Effectiveness: Naive adaptations of FL to MM graphs often fail (negative transfer) due to semantic conflicts; specialized heterogeneous FGL methods are required.
Robustness: Modality-NonIID combined with Label-NonIID creates the most severe performance degradation; MH-pFLID is the most robust method in these settings.
Scalability: Graph Foundation Models (Two-Stage pipeline) generalize better to diverse downstream tasks (like generation) than task-specific MM-GNNs.

📚 Prerequisite Knowledge

Prerequisites

Federated Learning (FL) basics (FedAvg, client-server architecture)
Graph Neural Networks (GNNs)
Multimodal learning (feature fusion, encoders)

Key Terms

MMFGL: Multimodal Federated Graph Learning—training graph models across decentralized clients holding multimodal data (text, images, graph structure) without sharing raw data.

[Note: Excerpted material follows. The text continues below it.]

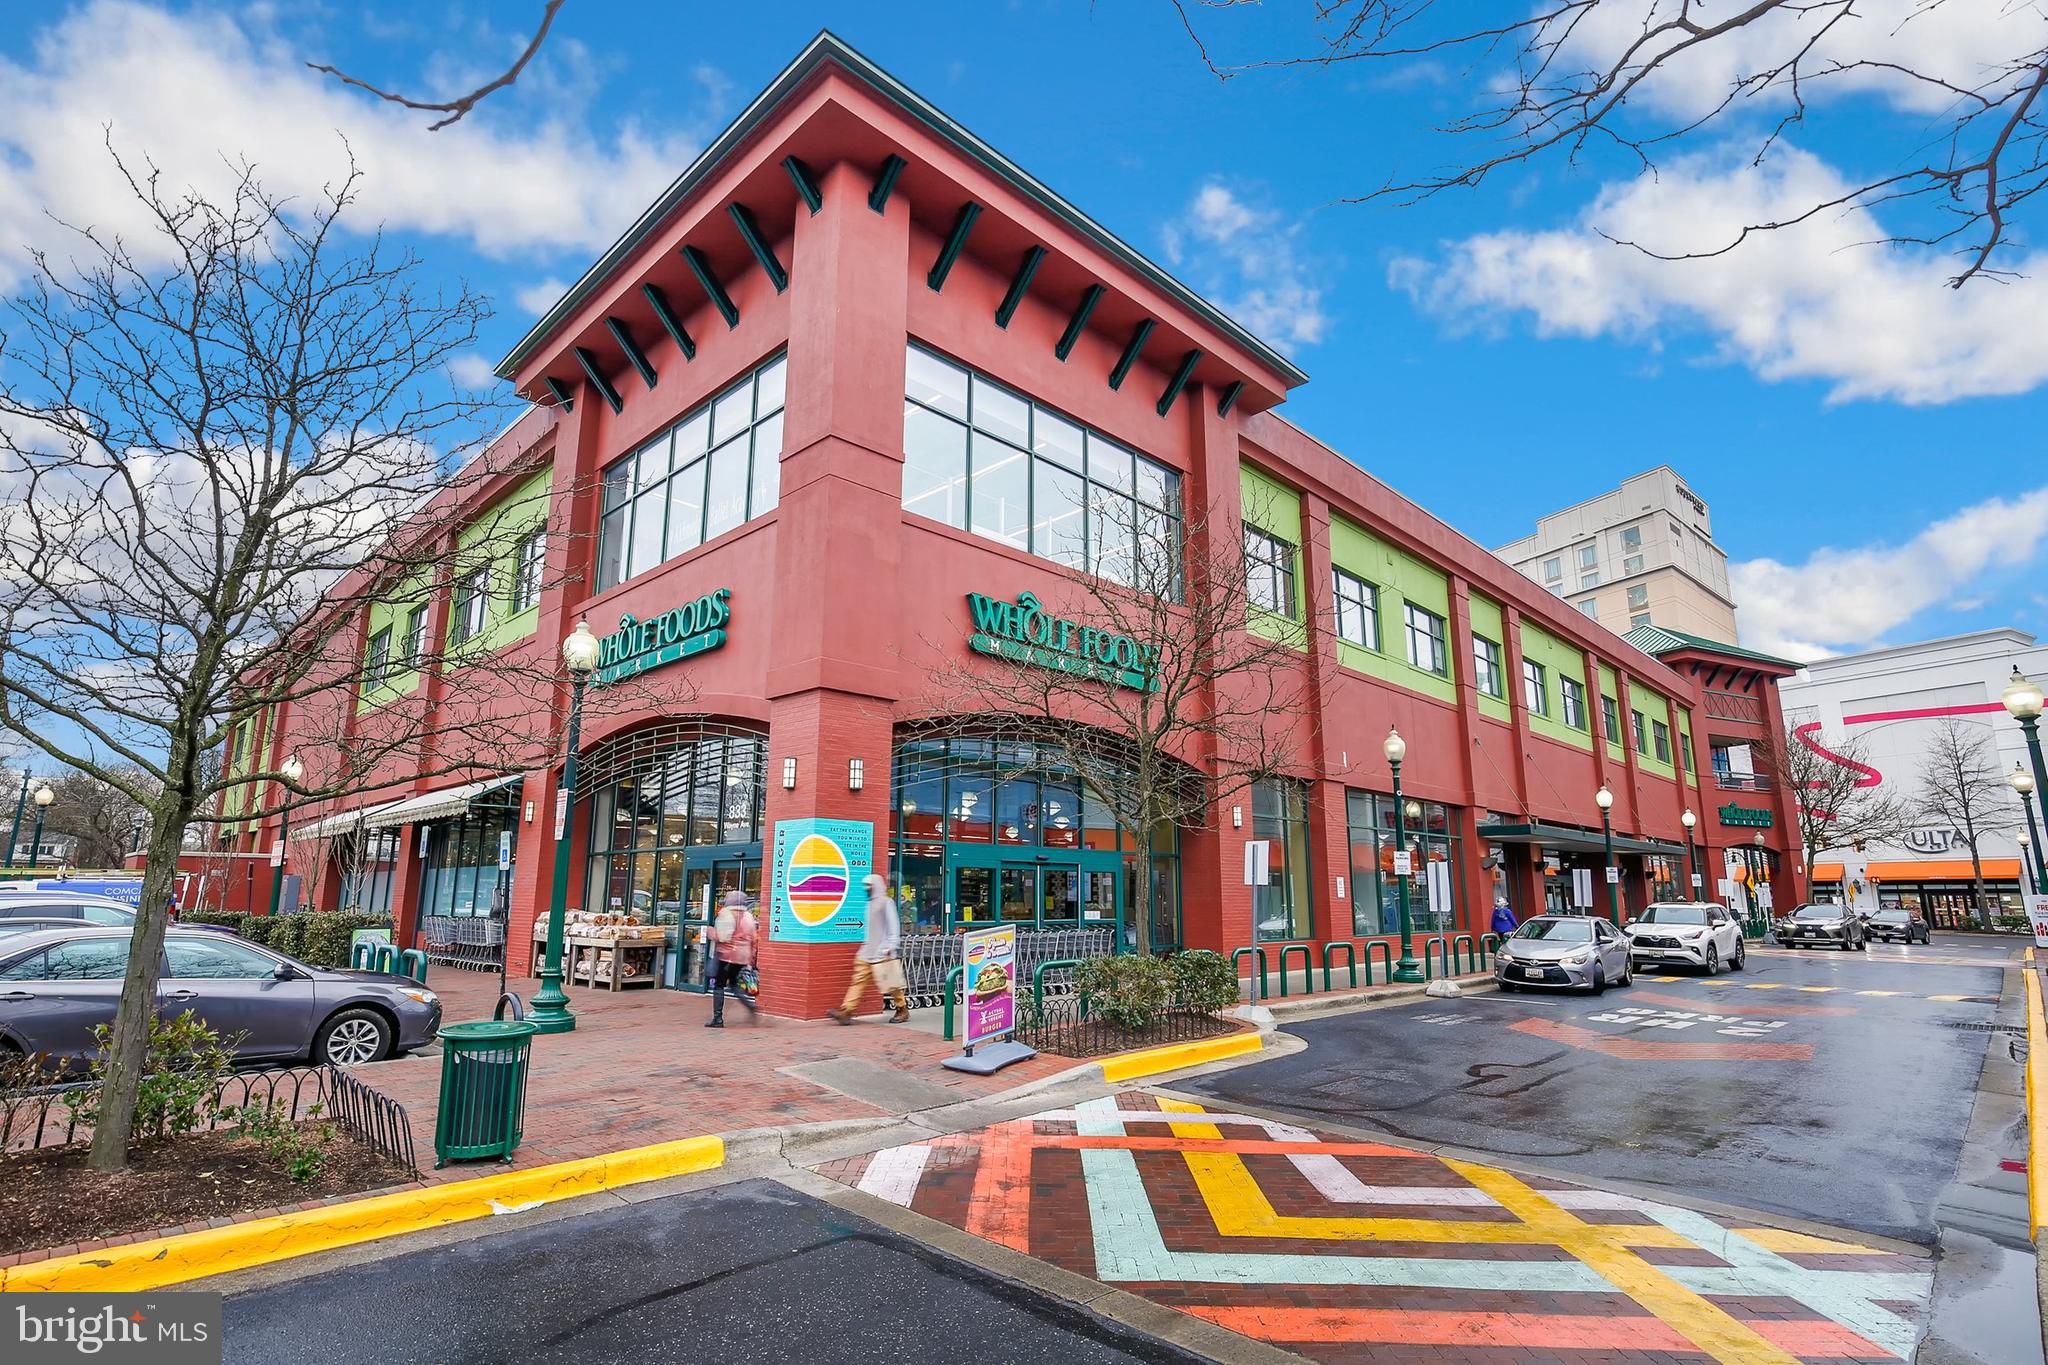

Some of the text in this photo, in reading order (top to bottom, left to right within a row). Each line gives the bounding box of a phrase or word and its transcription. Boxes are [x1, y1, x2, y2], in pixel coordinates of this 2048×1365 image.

MMAG: Multimodal-Attributed Graph—a graph where nodes are associated with multiple types of data modalities (e.g., an image and a text description) and edges represent relationships.

Modality-NonIID: A simulation setting where different clients hold disjoint or partial sets of modalities (e.g., Client A has only text, Client B has only images).

Topology-Unavailable: A setting where the explicit graph structure (edges) is missing or hidden for privacy, requiring models to infer or reconstruct topology.

Graph Foundation Model (GFM): Large-scale pre-trained graph models designed to learn generic structural and semantic representations that can be fine-tuned for various downstream tasks.

MH-pFLID: A heterogeneous federated graph learning method designed to handle personalization and system heterogeneity.

FedAvg: Federated Averaging—the standard algorithm for aggregating local model updates into a global model by averaging weights.

Homophily: The tendency of nodes with similar labels or features to be connected in a graph.

End-to-End Pipeline: Standard federated learning approach where a task-specific model is trained from scratch via iterative communication.

Two-Stage Pipeline: A strategy involving federated pre-training of a foundation model followed by local fine-tuning on specific client tasks.